The plasma concentration-versus-time profile for the parent compound in dogs orally given the prodrug was different from those observed in mice and rats (Fig. 4) in that the concentrations of the parent compound in plasma were sustained for a longer period in dogs than in rats or mice. Dogs also differed from rats and mice in that substantial amounts of GS 4104 were detected in the plasma samples; this was especially true during the first 4 h postdosing, during which time GS 4104 was the predominant species. The F of the parent compound from GS 4104 in dogs was 73%.
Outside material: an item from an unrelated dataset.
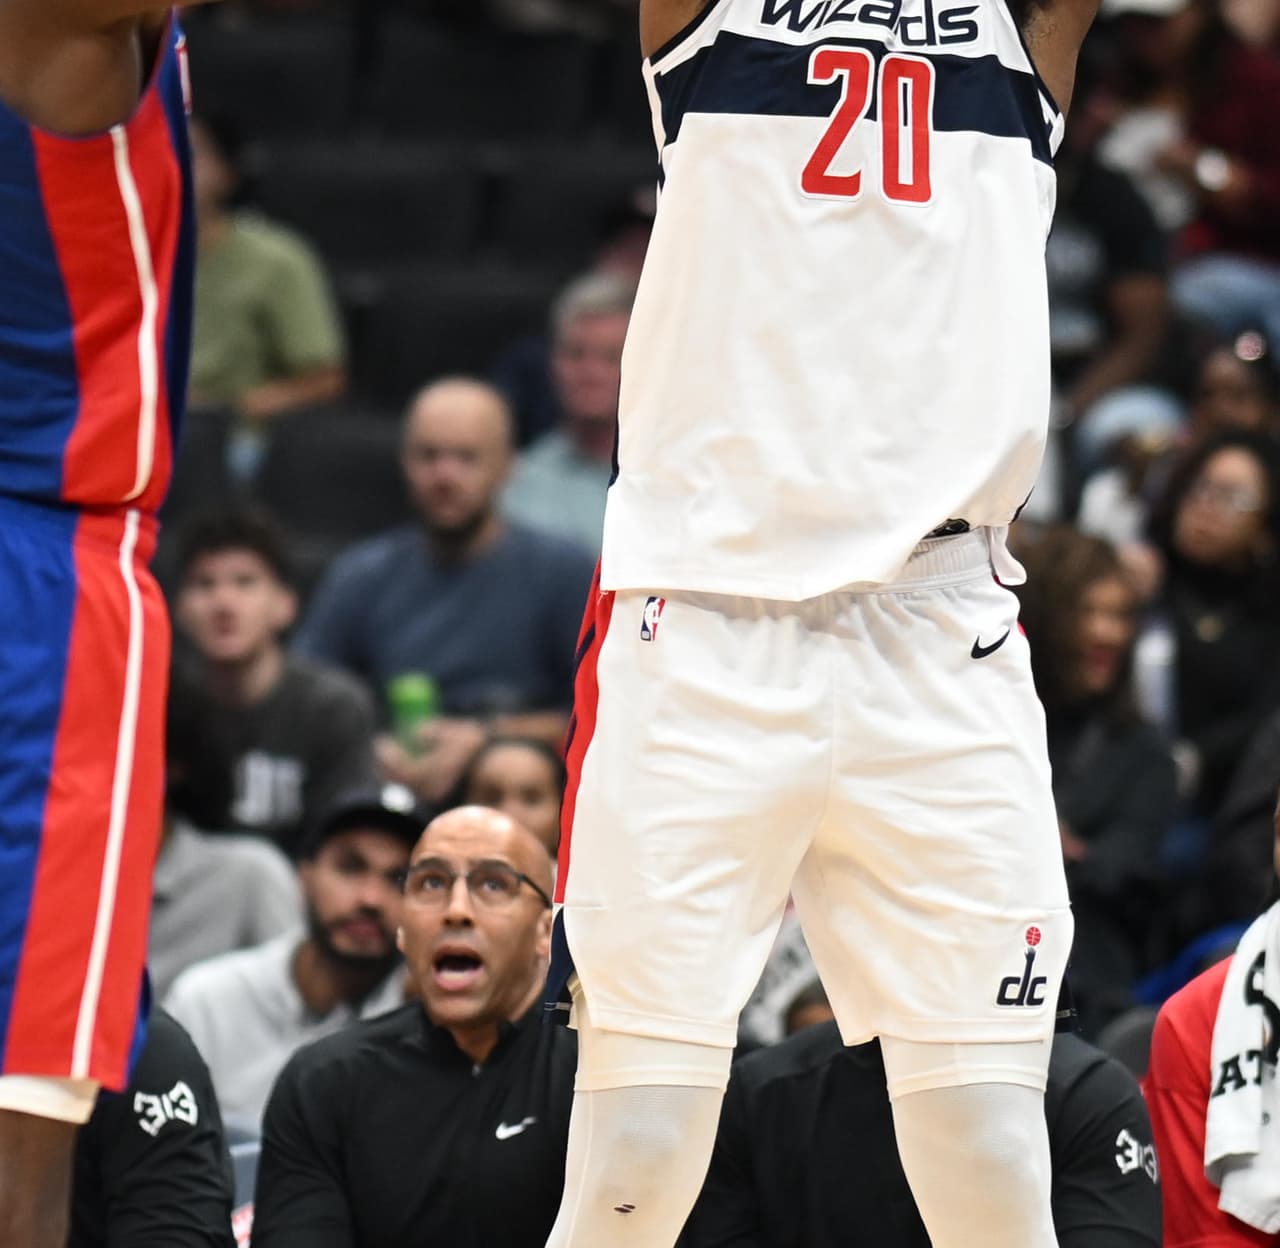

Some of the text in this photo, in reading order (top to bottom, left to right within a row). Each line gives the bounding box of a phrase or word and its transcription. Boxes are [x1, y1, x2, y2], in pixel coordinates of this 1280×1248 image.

[801, 45, 936, 207] 20
[996, 947, 1047, 1006] dc
[133, 1080, 198, 1136] 313
FIG. 4 — Concentration-time profiles of GS 4071 and the prodrug GS 4104 in dog and ferret plasma. (A) Concentration of GS 4071 (•) in dog plasma following administration of an i.v. dose (5 mg/kg) of GS 4071 or the concentration of GS 4071 (○) and GS 4104 (□) in dog plasma following administration of an oral dose (5 mg-eq/kg) of the prodrug GS 4104 (datum points represent the means ± standard deviations for five animals). (B) Concentration of GS 4071 (•) in ferret plasma following administration of an i.v. dose (1 mg/kg) of GS 4071 or the concentration of GS 4071 (○) and GS 4104 (□) in ferret plasma following administration of an oral dose (5 mg-eq/kg) of the prodrug GS 4104 (datum points represent the means ± standard deviations for three animals). A horizontal line indicating a concentration in plasma of 10 nM, the IC₉₀ of GS 4071 in the influenza virus neuraminidase enzymatic assay (Fig. 2), is shown for reference.

Among the four animal species tested, ferrets had the lowest bioavailability of parent compound (11%) from orally administered GS 4104. In ferrets the rate of elimination of GS 4071 derived from oral prodrug was similar to that seen in dogs (Fig. 4). Ferrets were also similar to dogs in that intact GS 4104 was present in their plasma samples. However, whereas the peak concentrations of GS 4071 and prodrug in plasma were not dramatically different in dogs, the concentration of prodrug in the ferret plasma samples obtained during the first 2 to 3 h postdosing was substantially greater than that of GS 4071.

DISCUSSION

The influenza viruses are well understood but poorly controlled human pathogens which are responsible for approximately 30,000 deaths each year in the United States alone (18). The demonstration that zanamivir, a potent and selective inhibitor of the influenza virus neuraminidases in vitro, is effective both in animal models of influenza infection and in challenge studies with humans (10, 26, 27, 32, 35) indicates that the influenza virus neuraminidase is a valid antiviral target. However, due to its poor oral bioavailability and rapid elimination, zanamivir is administered topically to the respiratory tract as a nasal spray or inhalant. We have identified GS 4071, a member of a series of novel carbocyclic transition-state analog inhibitors of the influenza virus neuraminidases, as a lead compound with the potential to maintain potency while being orally bioavailable (12).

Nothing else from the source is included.